■ **WHAT THE TASK ASKS**:
Exact reproduction of every entry is required.

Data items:
▬▬▬
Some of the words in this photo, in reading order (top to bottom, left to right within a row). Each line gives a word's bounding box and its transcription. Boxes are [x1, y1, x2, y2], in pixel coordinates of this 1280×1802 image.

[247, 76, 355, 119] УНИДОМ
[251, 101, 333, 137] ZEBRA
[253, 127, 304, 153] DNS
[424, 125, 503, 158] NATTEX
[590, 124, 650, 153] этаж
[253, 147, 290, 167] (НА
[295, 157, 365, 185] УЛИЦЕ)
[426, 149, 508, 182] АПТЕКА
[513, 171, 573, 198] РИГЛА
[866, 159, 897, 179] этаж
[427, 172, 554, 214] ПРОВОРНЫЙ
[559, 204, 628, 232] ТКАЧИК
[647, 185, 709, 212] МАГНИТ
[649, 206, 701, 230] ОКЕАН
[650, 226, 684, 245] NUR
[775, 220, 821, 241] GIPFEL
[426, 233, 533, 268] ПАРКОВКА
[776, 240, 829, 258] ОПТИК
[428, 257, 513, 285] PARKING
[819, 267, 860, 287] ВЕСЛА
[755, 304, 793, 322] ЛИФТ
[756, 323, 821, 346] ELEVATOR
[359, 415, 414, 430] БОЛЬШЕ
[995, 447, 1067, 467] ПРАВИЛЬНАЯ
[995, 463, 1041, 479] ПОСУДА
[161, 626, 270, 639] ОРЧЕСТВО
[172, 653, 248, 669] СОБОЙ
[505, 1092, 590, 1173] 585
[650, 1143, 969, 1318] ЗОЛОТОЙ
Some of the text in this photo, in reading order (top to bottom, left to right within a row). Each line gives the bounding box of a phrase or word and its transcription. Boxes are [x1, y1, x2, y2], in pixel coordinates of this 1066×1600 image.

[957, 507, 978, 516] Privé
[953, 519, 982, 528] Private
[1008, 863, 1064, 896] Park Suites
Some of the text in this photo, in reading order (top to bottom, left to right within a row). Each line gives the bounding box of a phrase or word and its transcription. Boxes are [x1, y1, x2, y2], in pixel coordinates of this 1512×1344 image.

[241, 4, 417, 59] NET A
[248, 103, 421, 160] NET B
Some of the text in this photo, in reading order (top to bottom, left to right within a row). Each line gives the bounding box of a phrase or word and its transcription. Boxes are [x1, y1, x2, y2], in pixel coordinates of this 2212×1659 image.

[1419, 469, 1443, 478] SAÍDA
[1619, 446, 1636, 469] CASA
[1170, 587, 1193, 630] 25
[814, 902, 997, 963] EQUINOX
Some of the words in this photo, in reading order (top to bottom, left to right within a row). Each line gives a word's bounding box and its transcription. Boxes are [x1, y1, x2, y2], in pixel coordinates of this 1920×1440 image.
▬▬▬
■ **EXERCISE RESULT**:
Some of the words in this photo, in reading order (top to bottom, left to right within a row). Each line gives a word's bounding box and its transcription. Boxes are [x1, y1, x2, y2], in pixel coordinates of this 1280×1802 image.

[247, 76, 355, 119] УНИДОМ
[251, 101, 333, 137] ZEBRA
[253, 127, 304, 153] DNS
[424, 125, 503, 158] NATTEX
[590, 124, 650, 153] этаж
[253, 147, 290, 167] (НА
[295, 157, 365, 185] УЛИЦЕ)
[426, 149, 508, 182] АПТЕКА
[513, 171, 573, 198] РИГЛА
[866, 159, 897, 179] этаж
[427, 172, 554, 214] ПРОВОРНЫЙ
[559, 204, 628, 232] ТКАЧИК
[647, 185, 709, 212] МАГНИТ
[649, 206, 701, 230] ОКЕАН
[650, 226, 684, 245] NUR
[775, 220, 821, 241] GIPFEL
[426, 233, 533, 268] ПАРКОВКА
[776, 240, 829, 258] ОПТИК
[428, 257, 513, 285] PARKING
[819, 267, 860, 287] ВЕСЛА
[755, 304, 793, 322] ЛИФТ
[756, 323, 821, 346] ELEVATOR
[359, 415, 414, 430] БОЛЬШЕ
[995, 447, 1067, 467] ПРАВИЛЬНАЯ
[995, 463, 1041, 479] ПОСУДА
[161, 626, 270, 639] ОРЧЕСТВО
[172, 653, 248, 669] СОБОЙ
[505, 1092, 590, 1173] 585
[650, 1143, 969, 1318] ЗОЛОТОЙ
Some of the text in this photo, in reading order (top to bottom, left to right within a row). Each line gives the bounding box of a phrase or word and its transcription. Boxes are [x1, y1, x2, y2], in pixel coordinates of this 1066×1600 image.

[957, 507, 978, 516] Privé
[953, 519, 982, 528] Private
[1008, 863, 1064, 896] Park Suites
Some of the text in this photo, in reading order (top to bottom, left to right within a row). Each line gives the bounding box of a phrase or word and its transcription. Boxes are [x1, y1, x2, y2], in pixel coordinates of this 1512×1344 image.

[241, 4, 417, 59] NET A
[248, 103, 421, 160] NET B
Some of the text in this photo, in reading order (top to bottom, left to right within a row). Each line gives the bounding box of a phrase or word and its transcription. Boxes are [x1, y1, x2, y2], in pixel coordinates of this 2212×1659 image.

[1419, 469, 1443, 478] SAÍDA
[1619, 446, 1636, 469] CASA
[1170, 587, 1193, 630] 25
[814, 902, 997, 963] EQUINOX
Some of the words in this photo, in reading order (top to bottom, left to right within a row). Each line gives a word's bounding box and its transcription. Boxes are [x1, y1, x2, y2], in pixel coordinates of this 1920×1440 image.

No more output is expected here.